Then, based on the above winning models (1b), we finally explored an expanded modulatory connection set between OFC and VLPFC. All the possible models were calculated and then compared (2 fixed connections [OFC → VLPFC, VLPFC → OFC] and 2 models [one among OFC, AMG, and TE; another one among VLPFC, AMG, and TE] resulting 2^(2 + 2) = 16 possible modulations [see supplementary Fig. 2]).

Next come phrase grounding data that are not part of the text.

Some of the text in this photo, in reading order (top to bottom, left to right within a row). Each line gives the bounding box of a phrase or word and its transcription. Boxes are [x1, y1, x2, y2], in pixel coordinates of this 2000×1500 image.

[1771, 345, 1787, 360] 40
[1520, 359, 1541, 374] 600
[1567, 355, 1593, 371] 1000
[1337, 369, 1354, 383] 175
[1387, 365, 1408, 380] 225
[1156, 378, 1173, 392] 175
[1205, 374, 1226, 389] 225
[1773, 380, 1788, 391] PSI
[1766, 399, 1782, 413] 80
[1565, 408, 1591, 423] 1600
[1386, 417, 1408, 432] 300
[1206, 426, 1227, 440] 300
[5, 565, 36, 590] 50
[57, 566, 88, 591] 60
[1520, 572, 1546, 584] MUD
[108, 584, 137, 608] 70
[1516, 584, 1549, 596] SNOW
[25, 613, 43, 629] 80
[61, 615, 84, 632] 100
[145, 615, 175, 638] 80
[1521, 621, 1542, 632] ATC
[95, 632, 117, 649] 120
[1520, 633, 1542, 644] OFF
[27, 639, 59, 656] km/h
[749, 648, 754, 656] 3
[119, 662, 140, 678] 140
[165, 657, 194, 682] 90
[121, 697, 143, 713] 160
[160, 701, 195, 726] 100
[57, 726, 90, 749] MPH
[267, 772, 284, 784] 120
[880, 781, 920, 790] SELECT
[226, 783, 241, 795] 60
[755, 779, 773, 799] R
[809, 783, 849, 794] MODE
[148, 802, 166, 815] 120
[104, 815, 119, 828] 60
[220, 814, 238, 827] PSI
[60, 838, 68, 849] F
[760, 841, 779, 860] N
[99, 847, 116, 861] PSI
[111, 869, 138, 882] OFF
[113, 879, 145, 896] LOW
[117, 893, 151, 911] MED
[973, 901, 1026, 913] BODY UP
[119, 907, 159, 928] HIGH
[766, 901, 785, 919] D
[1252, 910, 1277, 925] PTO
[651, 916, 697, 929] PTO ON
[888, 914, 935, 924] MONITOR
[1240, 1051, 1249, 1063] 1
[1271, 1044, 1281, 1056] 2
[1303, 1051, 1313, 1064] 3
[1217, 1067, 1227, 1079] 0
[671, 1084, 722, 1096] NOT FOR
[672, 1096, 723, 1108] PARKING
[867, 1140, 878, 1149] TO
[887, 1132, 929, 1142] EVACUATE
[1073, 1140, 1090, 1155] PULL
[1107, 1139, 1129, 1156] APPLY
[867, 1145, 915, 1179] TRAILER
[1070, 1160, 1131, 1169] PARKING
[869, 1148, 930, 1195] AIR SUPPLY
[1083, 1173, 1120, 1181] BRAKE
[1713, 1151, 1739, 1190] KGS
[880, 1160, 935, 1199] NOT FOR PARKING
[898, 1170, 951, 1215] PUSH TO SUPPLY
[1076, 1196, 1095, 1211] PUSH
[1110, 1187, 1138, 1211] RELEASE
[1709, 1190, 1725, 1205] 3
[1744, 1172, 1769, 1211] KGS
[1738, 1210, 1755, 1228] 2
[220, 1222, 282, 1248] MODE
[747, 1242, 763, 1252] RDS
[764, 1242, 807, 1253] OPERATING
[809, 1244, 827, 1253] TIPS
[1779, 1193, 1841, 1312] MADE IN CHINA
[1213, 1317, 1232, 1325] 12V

Using the final model with optimized modulatory effects, we analyzed the connectivity parameters and their modulation by different facial expressions. We used the Bayesian parameter averages and their cumulative normal distribution, to compare posterior expectations to a group prior of zero to assess significant connection modulations induced by different facial expressions across all subjects and sessions.

Results

Responses to Neutral and Emotional Faces

Using the contrast of all faces versus a blank screen, we found that face-responsive voxels were widely distributed bilaterally across the lower bank of the STS and inferior temporal gyrus posteriorly and anteriorly (areas TEO and TE), within the dorsal portion of the lateral and basal nuclei of the amygdala, and within PFC, including OFC and VLPFC in all 3 subjects (Fig. 1a,d).

We performed an ANOVA with a factor of expression (neutral, threatening, fearful, and appeasing), followed by post hoc analyses. We evaluated responses to various facial expressions by contrasting each category of emotional faces (threatening, fearful, and appeasing) with neutral faces. In all face-responsive ROIs, we found enhanced responses to fearful and appeasing faces (P < 0.001). The response to appeasing faces was stronger than the response to threatening faces (P < 0.005) (Fig. 1c,e).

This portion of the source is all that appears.